Nós praticamente corremos em direção a saída, passando pelas portas automáticas e saindo de perto, em alívio. Quase não ouvia nada além daquele som agudo. César veio logo atrás de mim, sumindo na massa de pessoas que iam na direção contrária a dele. Eu fico na ponta dos pés para olhar em volta, tentando achar a Samira. O sol batia no meu rosto, e isso só dificultava tudo. Não conseguia ver nem ouvir direito, e a multidão de pessoas ia aumentando, algumas se esbarrando em mim para tentar entrar na Lan house.

O meu coração acelera no momento em que percebo que não conseguia sair. Eles estavam me esmagando. Eu dou um passo para frente, piso no pé de alguém e recebo um empurrão brusco no ombro, que me dá o impulso para botar parte do meu braço para fora da multidão. O problema é que o restante do corpo continuava entalado.

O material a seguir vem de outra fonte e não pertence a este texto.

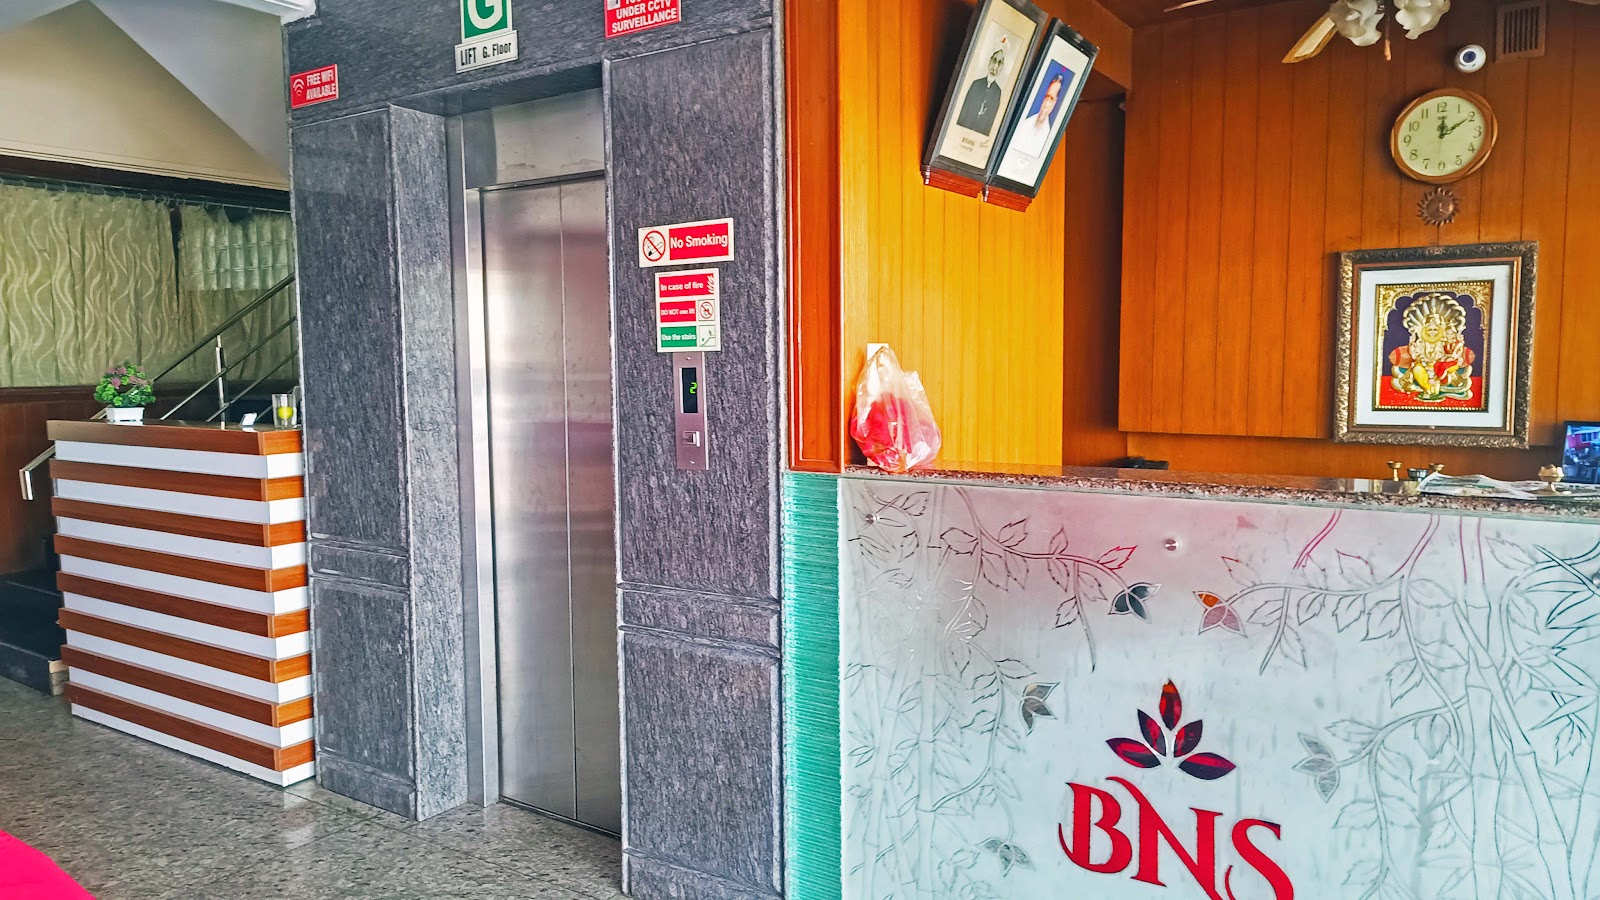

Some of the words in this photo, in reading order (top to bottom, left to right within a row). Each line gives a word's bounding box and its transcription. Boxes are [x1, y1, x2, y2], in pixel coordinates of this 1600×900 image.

[467, 0, 503, 30] G
[616, 3, 646, 19] UNDER
[647, 0, 671, 12] CCTV
[611, 8, 677, 33] SURVEILLANCE
[460, 47, 476, 66] LIFT
[483, 46, 490, 58] G.
[492, 42, 511, 57] Floor
[306, 72, 321, 87] FREE
[306, 83, 336, 100] AVAILABLE
[1437, 102, 1447, 113] 12
[1468, 111, 1475, 122] 2
[1409, 121, 1420, 132] 10
[1403, 135, 1411, 146] 9
[1468, 143, 1476, 153] 4
[1409, 149, 1417, 160] 8
[1455, 155, 1462, 165] 5
[1422, 158, 1430, 169] 7
[670, 236, 684, 249] No
[685, 233, 728, 248] Smoking
[660, 283, 668, 291] In
[668, 283, 683, 291] case
[684, 281, 691, 290] of
[692, 281, 704, 289] fire
[661, 333, 672, 341] Use
[672, 333, 681, 341] the
[681, 332, 697, 340] stairs
[689, 382, 698, 394] 2
[1058, 776, 1295, 900] BNS
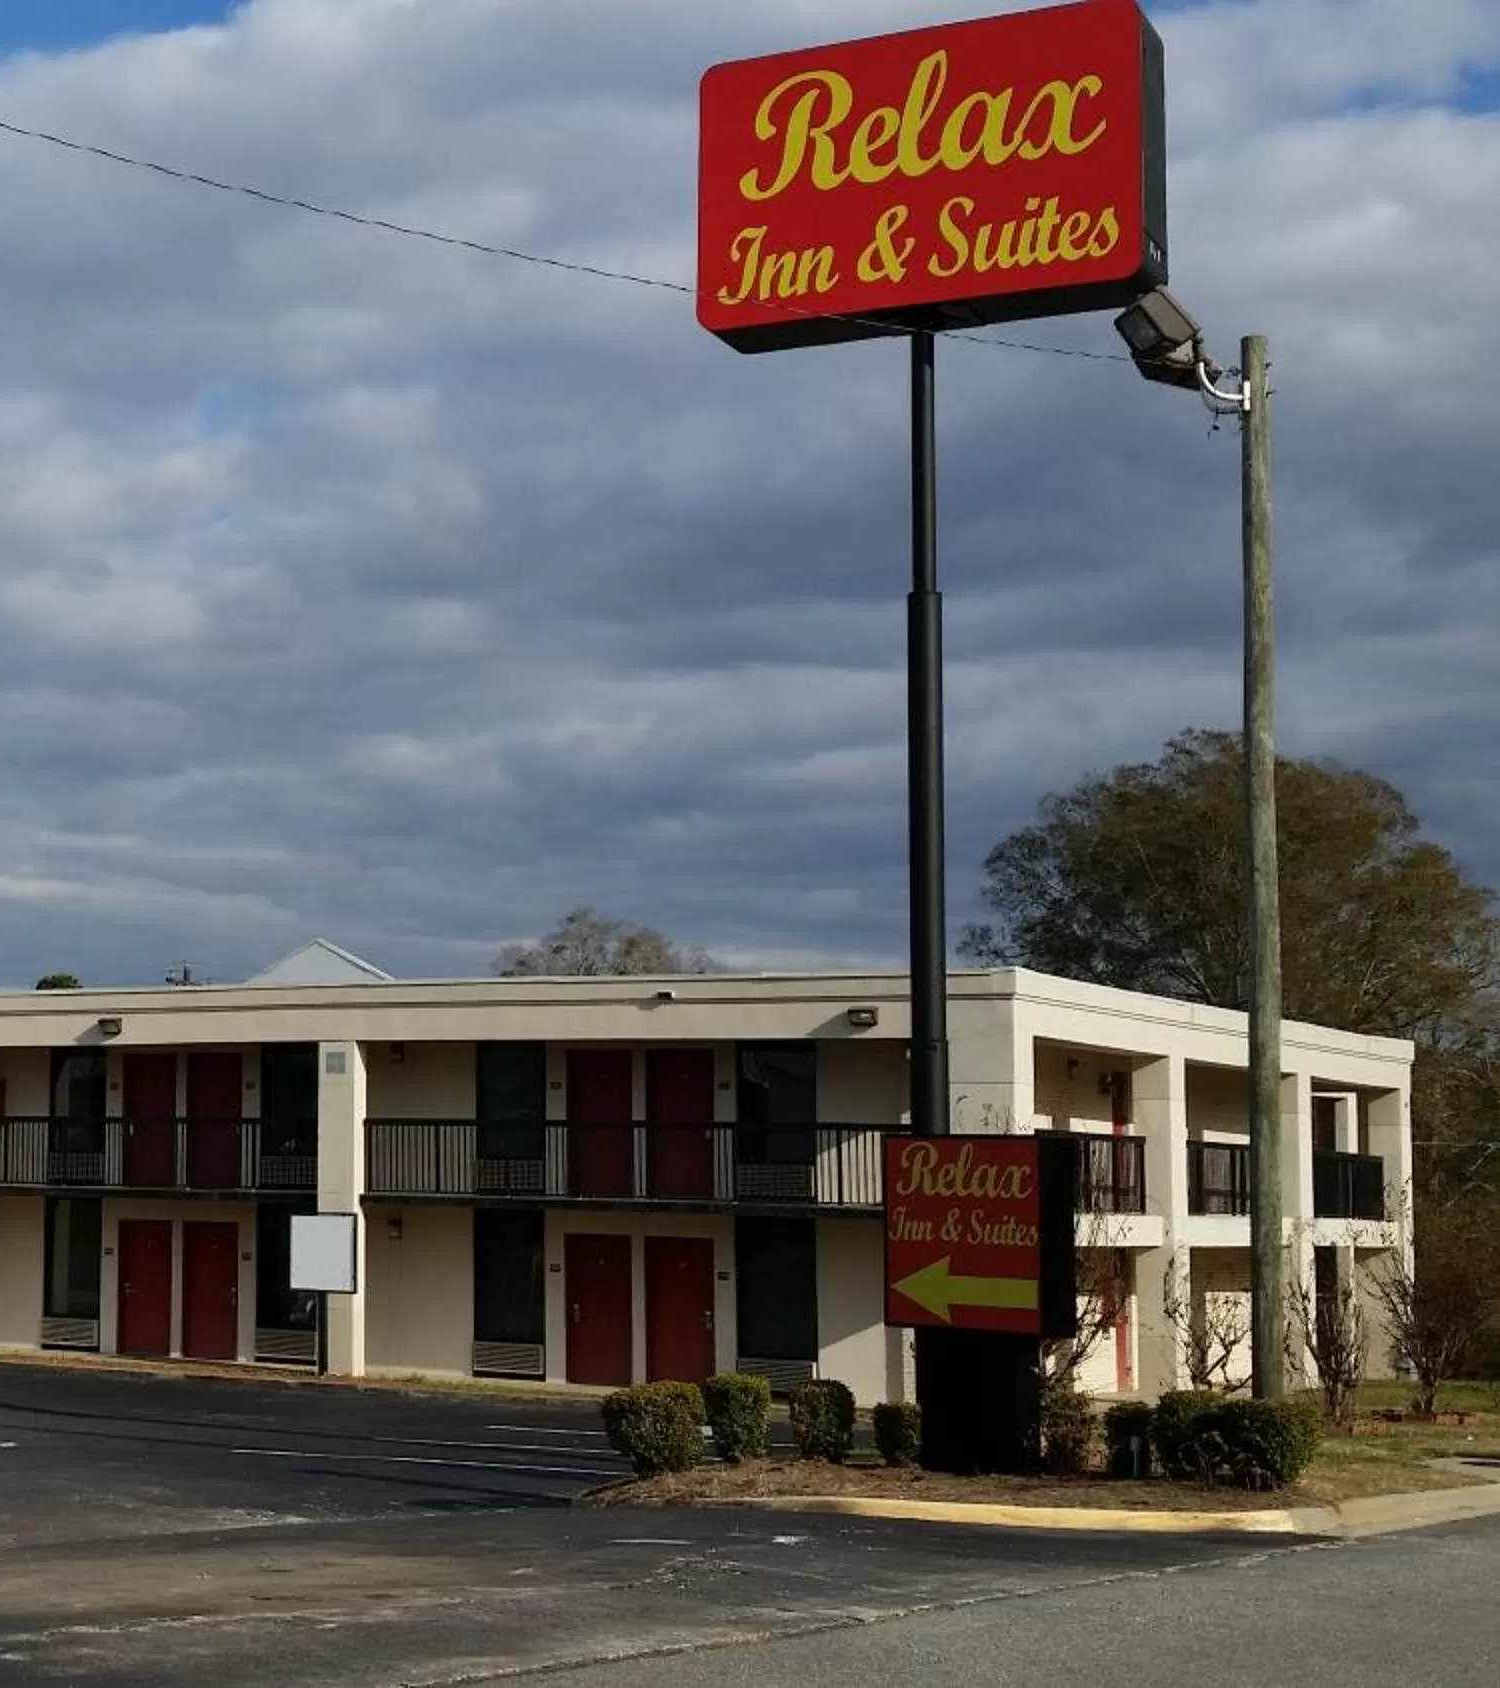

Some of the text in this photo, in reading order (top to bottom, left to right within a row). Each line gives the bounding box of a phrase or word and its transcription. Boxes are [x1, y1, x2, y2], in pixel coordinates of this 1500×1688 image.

[739, 49, 1106, 200] Relax
[717, 196, 1120, 305] Inn & Suites
[895, 1141, 1033, 1199] Relax
[888, 1206, 1039, 1246] Inn & Suites
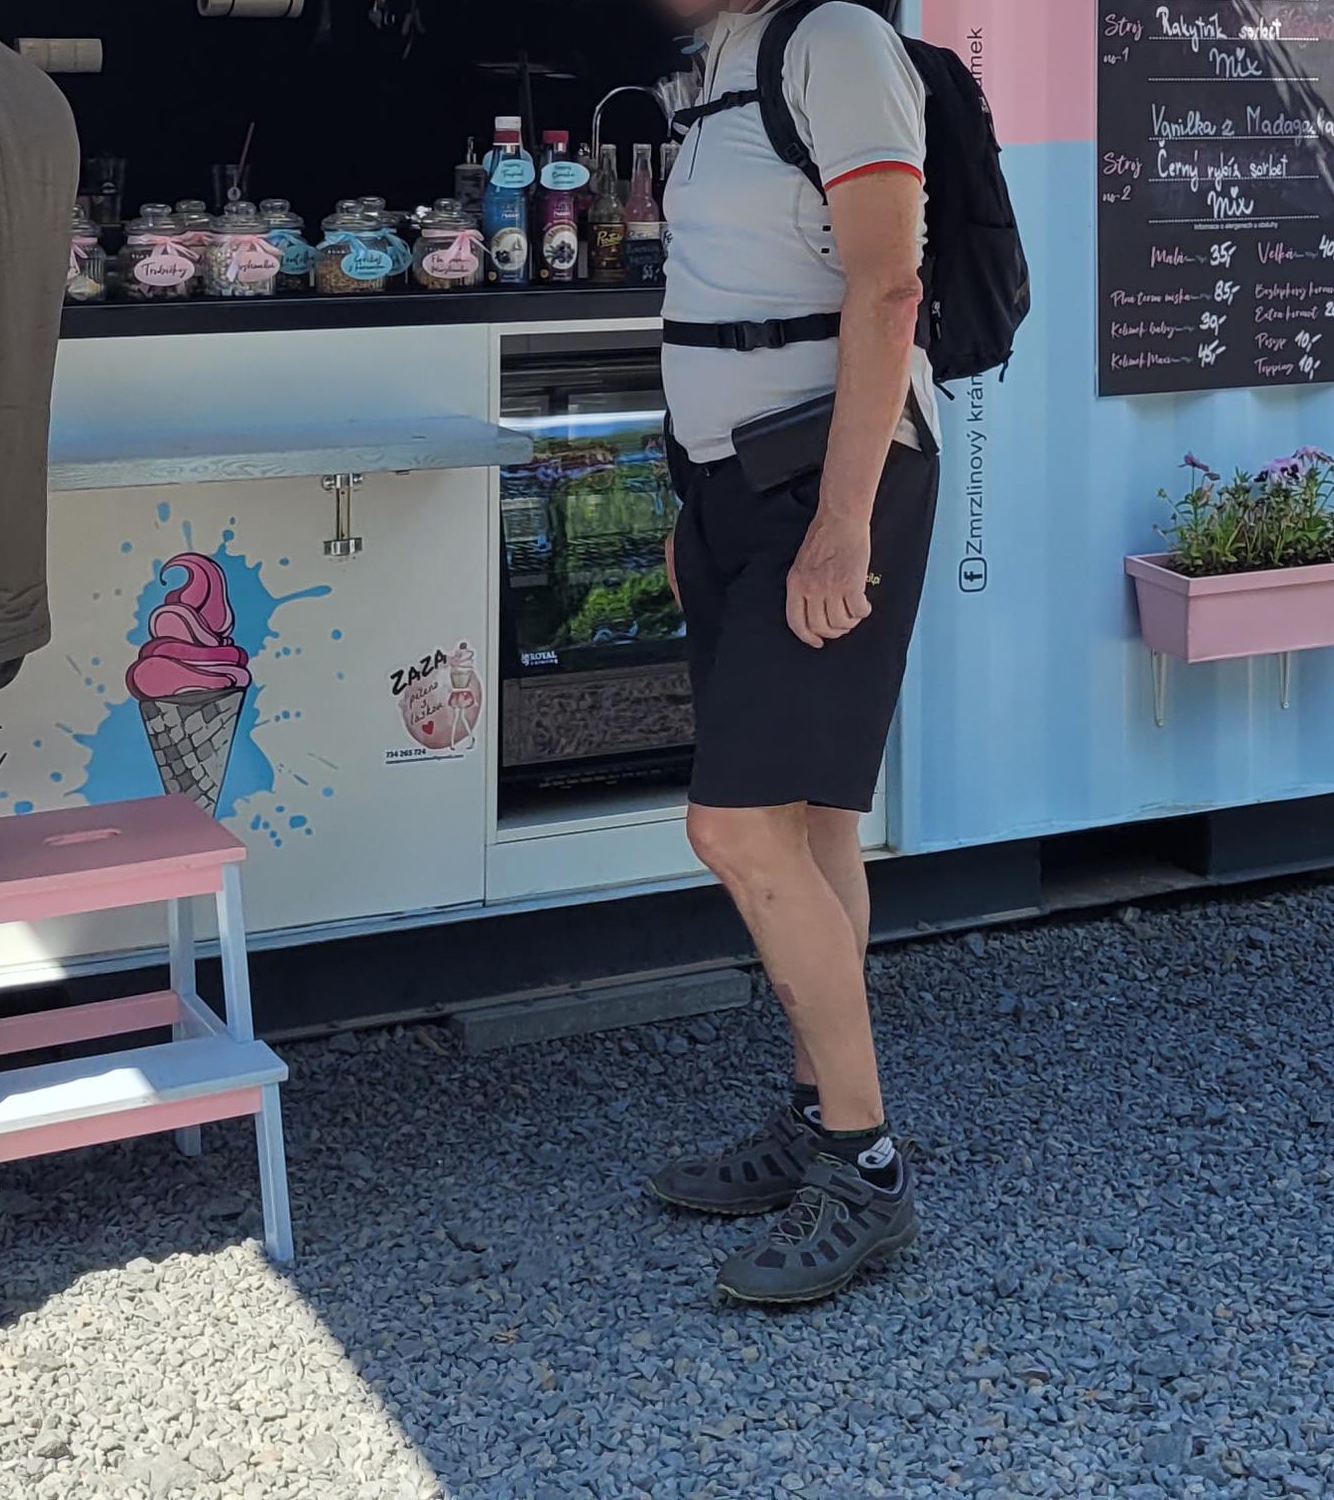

Eu não podia ficar ali, todos estavam me vendo. Era um susto, um par de olhos me percebendo, e isso viraria um inferno.

De repente, sinto um puxão brusco no meu braço. O susto vem junto com um pavor, que se resulta em uma ação instintiva. Eu espremo meu outro braço e cravo minhas garras no que quer que me puxava, tentando me soltar.

- O que você tá fazendo!? - Diz uma voz, que identifico imediatamente como a de César. Ele me puxa outra vez, e consigo sair do meio da porta. César olhava para minha mão em seu braço. Eu sigo o seu olhar, tendo um choque ao ver minhas garras cravadas, ali. Havia um pouco de sangue escorrendo. Eu solto imediatamente, pressionando a mão forte contra o peito.